**Aim of the task**
Every line of the listing below should be written out exactly, minus its images.
:::
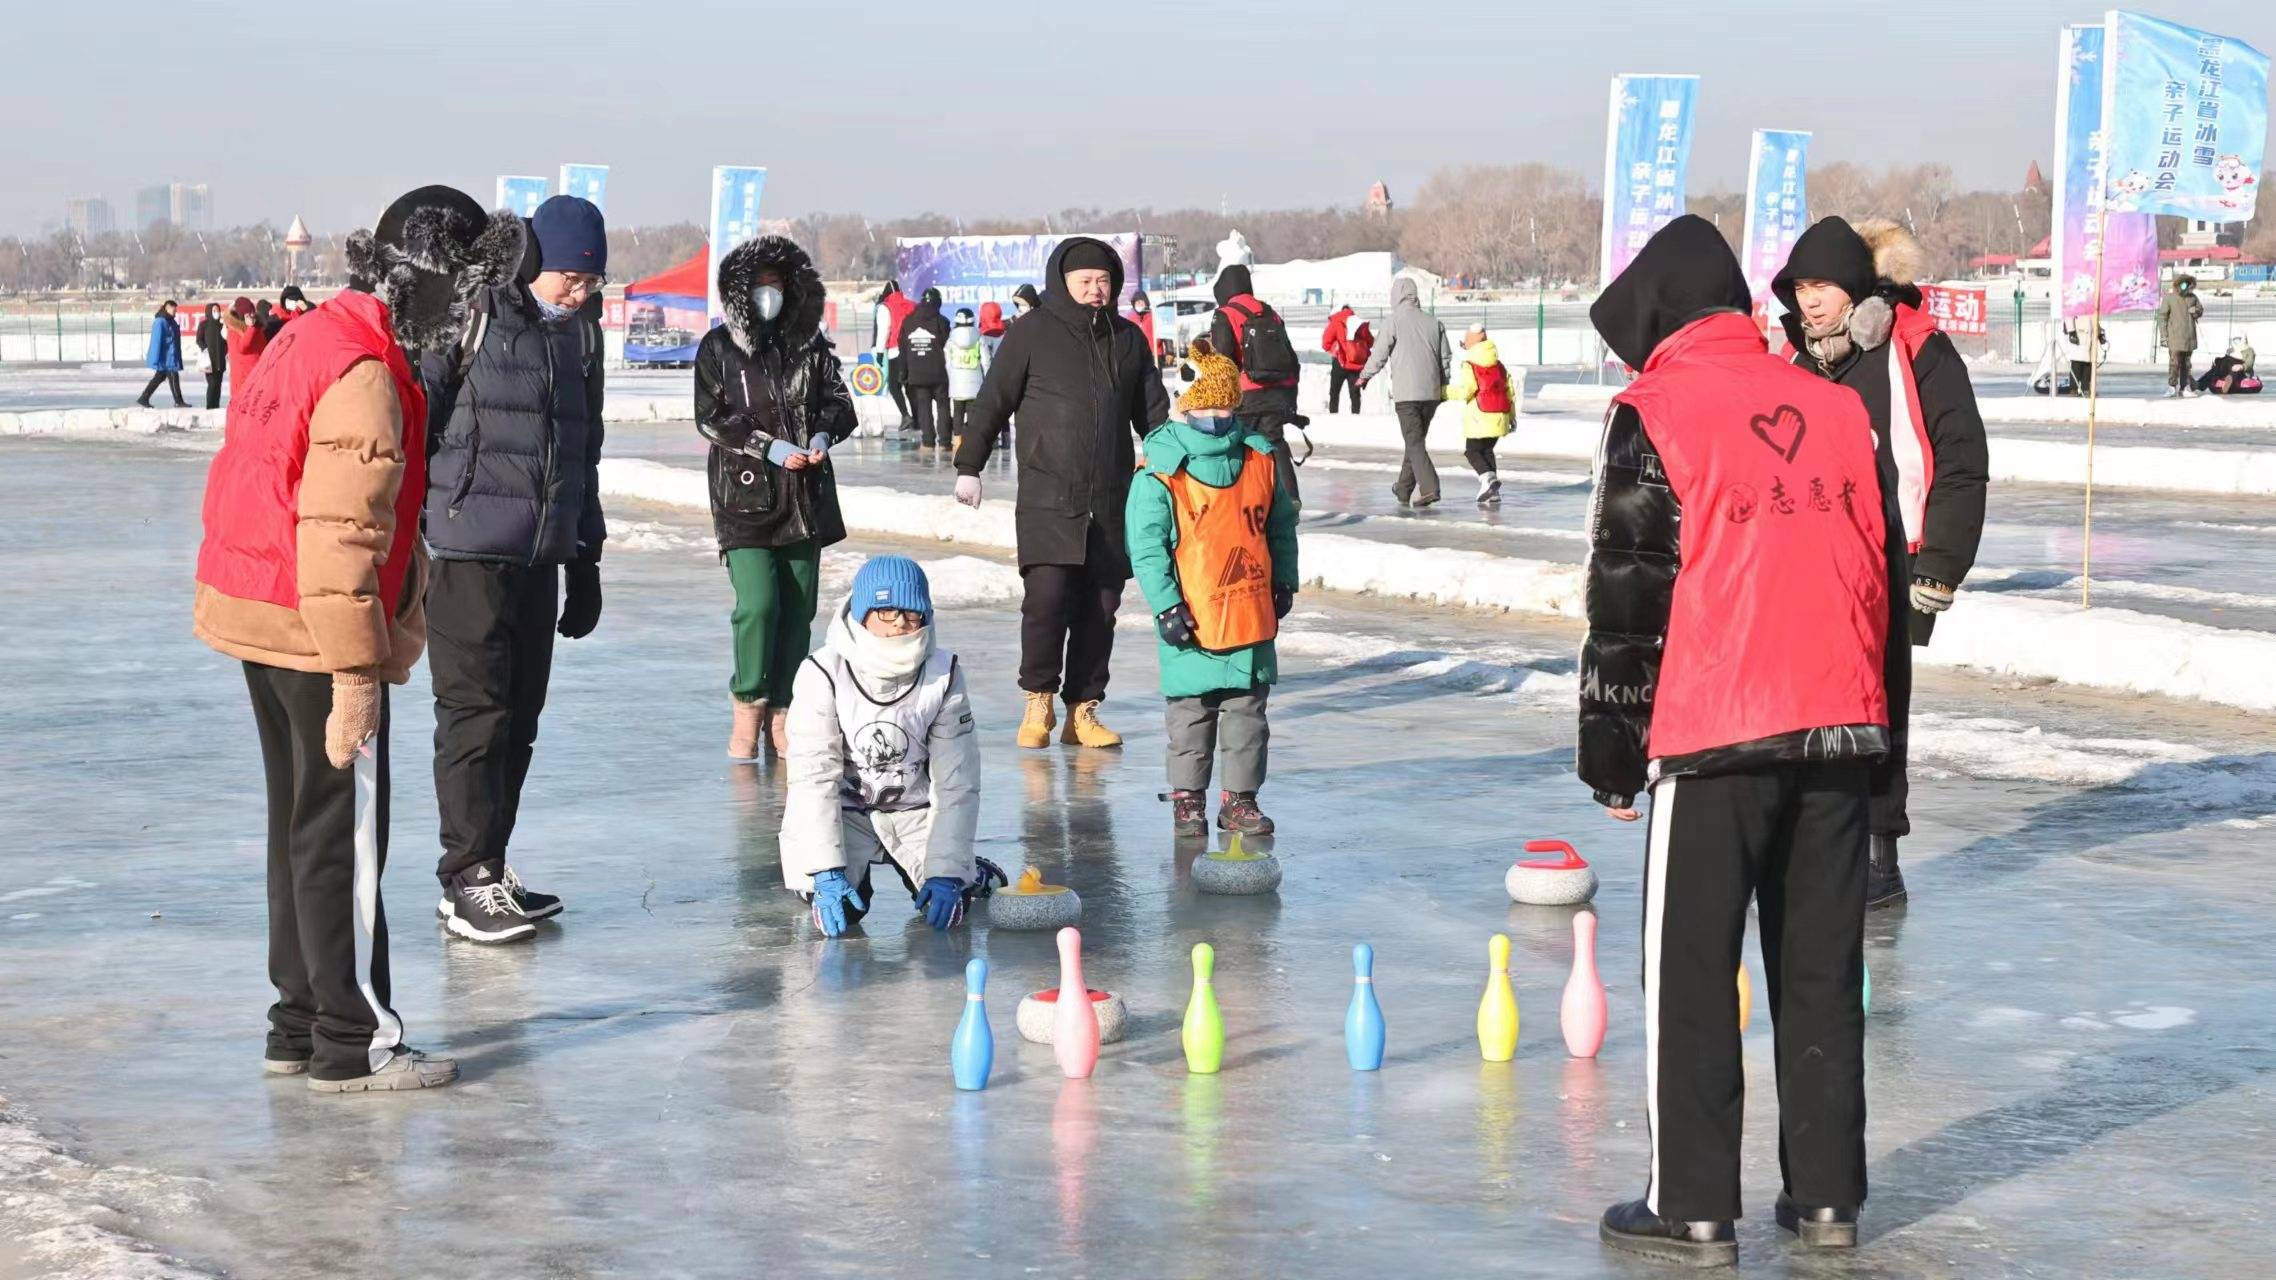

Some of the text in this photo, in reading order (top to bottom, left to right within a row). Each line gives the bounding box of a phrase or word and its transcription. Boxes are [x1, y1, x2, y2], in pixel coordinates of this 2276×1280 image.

[2154, 80, 2186, 191] 亲子运动会
[2193, 37, 2223, 167] 黑龙江省冰雪
[1629, 163, 1652, 252] 亲子运动
[1927, 289, 1979, 321] 运动
[1770, 475, 1856, 516] 志愿者
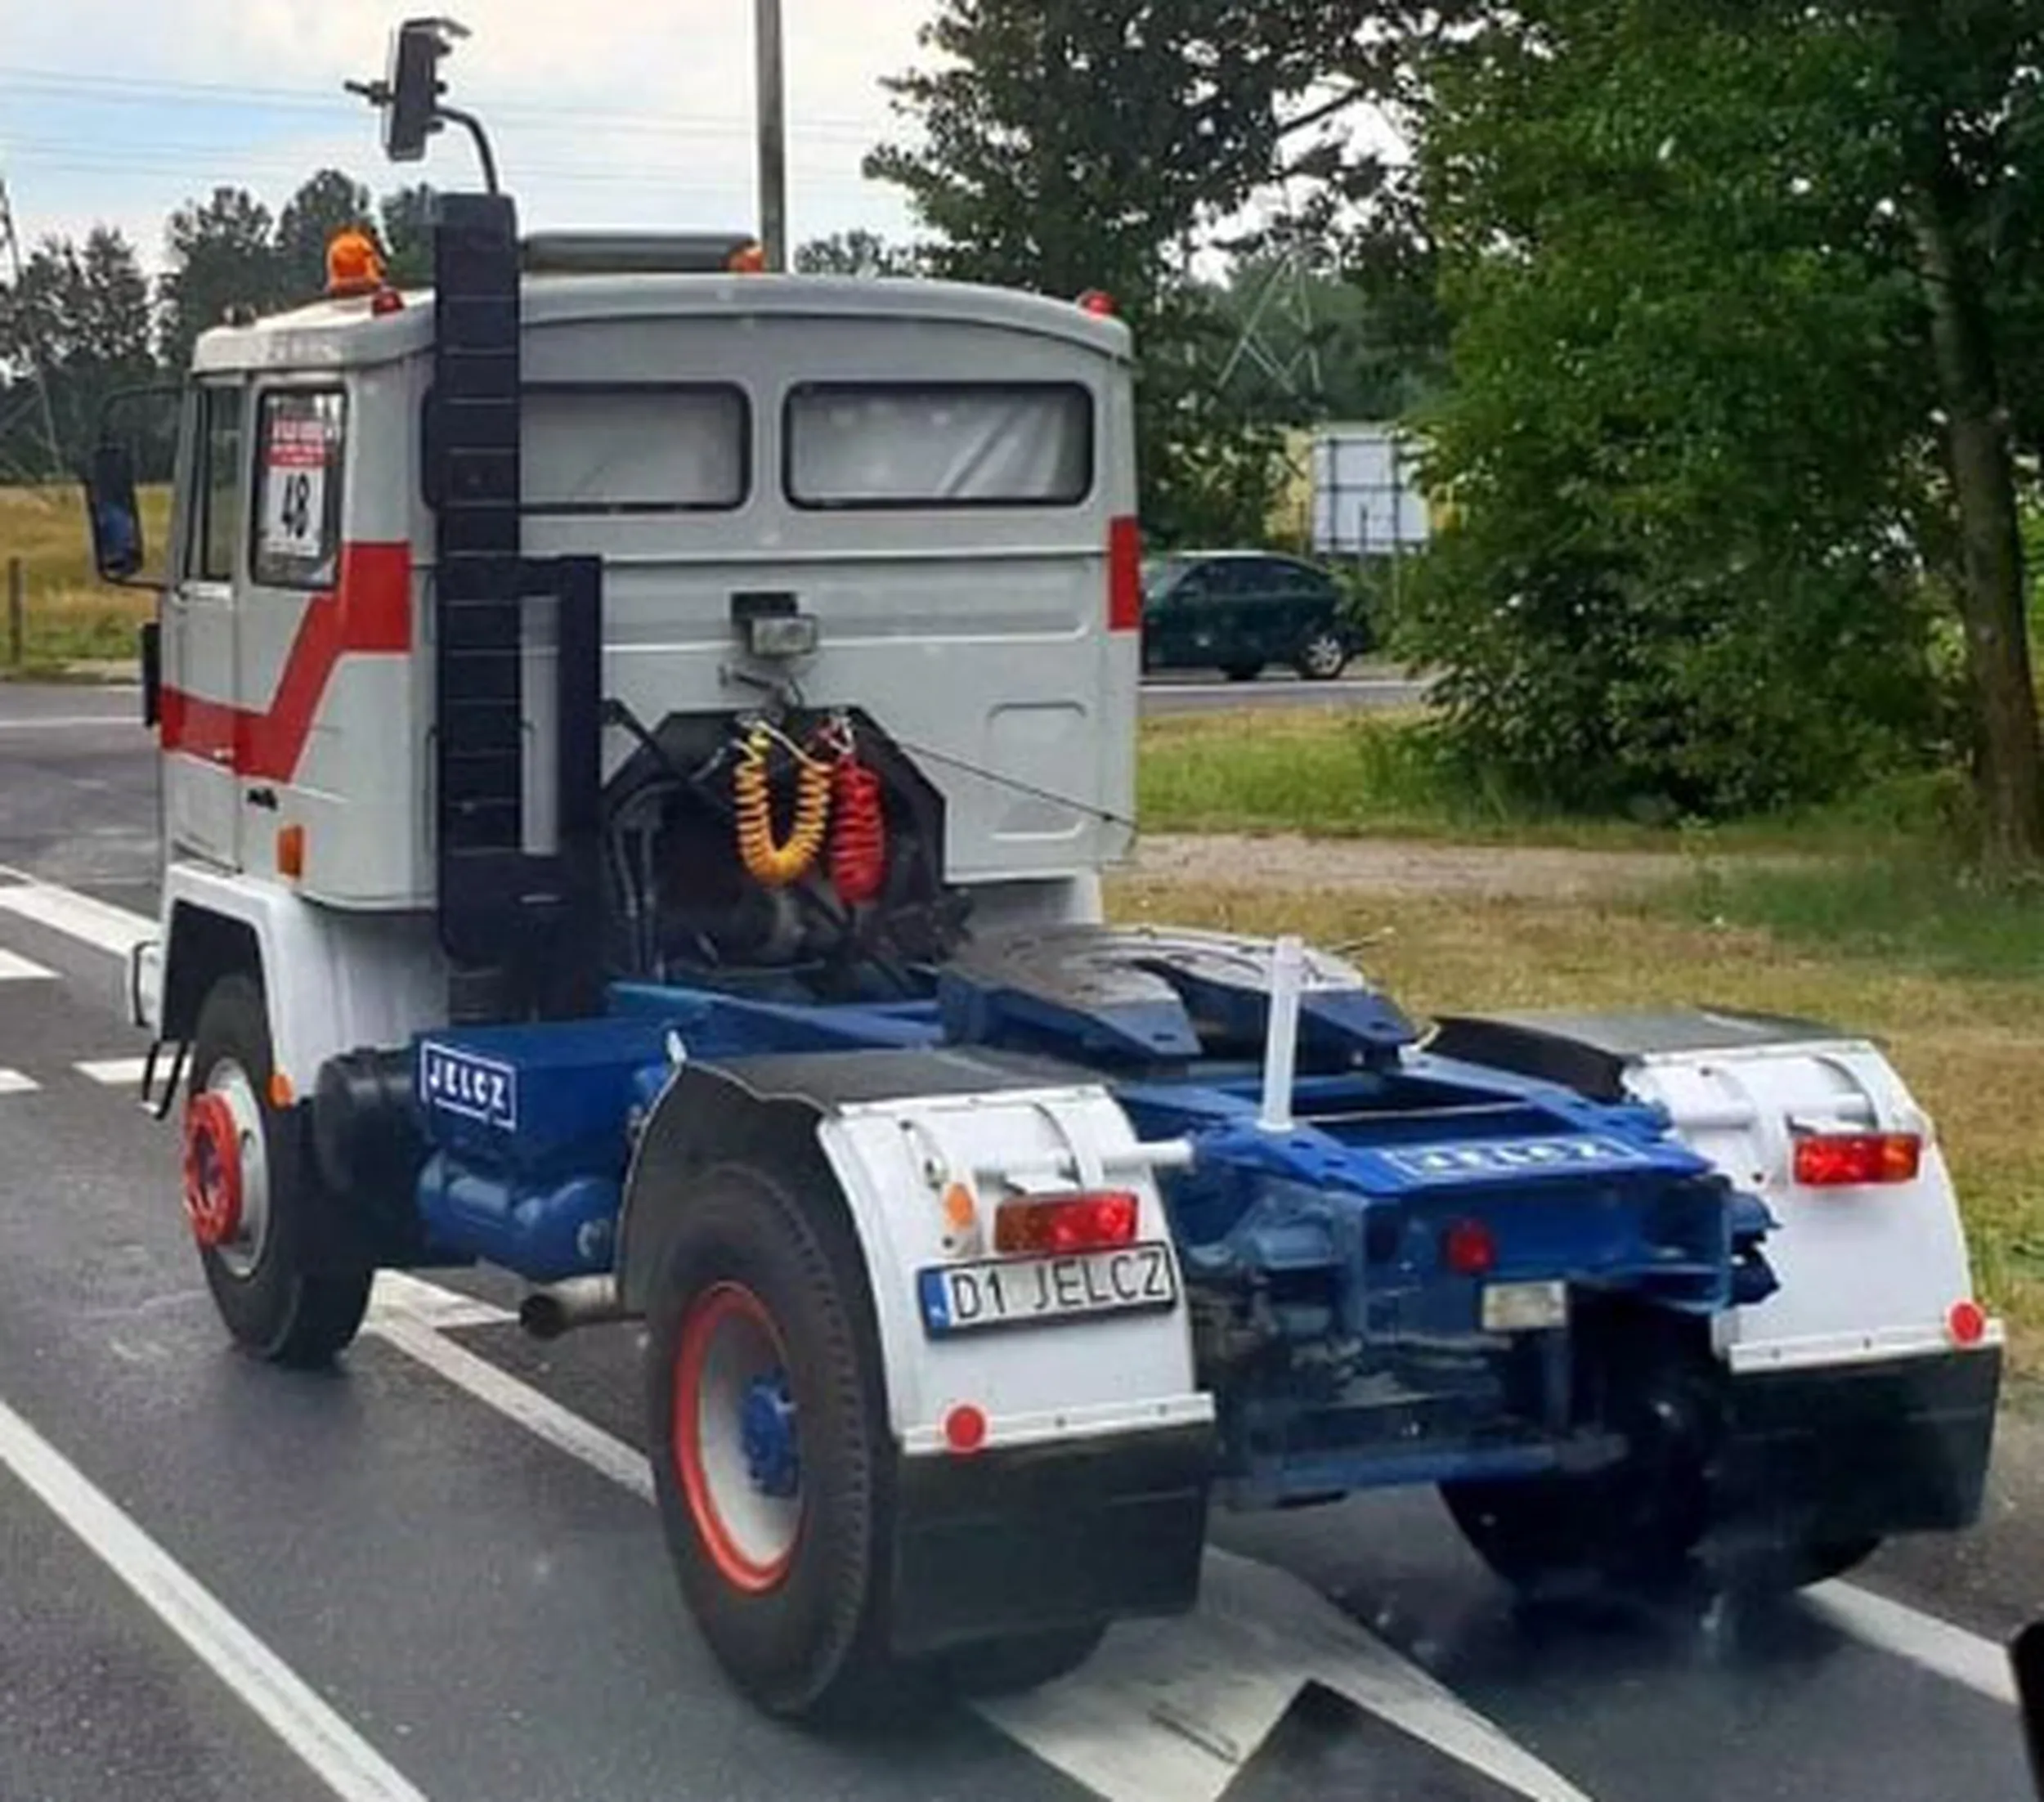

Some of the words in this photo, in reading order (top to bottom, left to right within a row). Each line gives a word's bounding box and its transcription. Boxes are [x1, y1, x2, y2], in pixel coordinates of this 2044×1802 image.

[281, 472, 310, 539] 48
[429, 1056, 506, 1112] JELCZ
[951, 1269, 1006, 1320] D1
[1033, 1250, 1166, 1310] JELCZ
:::
**Task answer**
Some of the text in this photo, in reading order (top to bottom, left to right within a row). Each line gives the bounding box of a phrase or word and its transcription. Boxes are [x1, y1, x2, y2], in pixel coordinates of this 2276×1280 image.

[2154, 80, 2186, 191] 亲子运动会
[2193, 37, 2223, 167] 黑龙江省冰雪
[1629, 163, 1652, 252] 亲子运动
[1927, 289, 1979, 321] 运动
[1770, 475, 1856, 516] 志愿者

Some of the words in this photo, in reading order (top to bottom, left to right within a row). Each line gives a word's bounding box and its transcription. Boxes are [x1, y1, x2, y2], in pixel coordinates of this 2044×1802 image.

[281, 472, 310, 539] 48
[429, 1056, 506, 1112] JELCZ
[951, 1269, 1006, 1320] D1
[1033, 1250, 1166, 1310] JELCZ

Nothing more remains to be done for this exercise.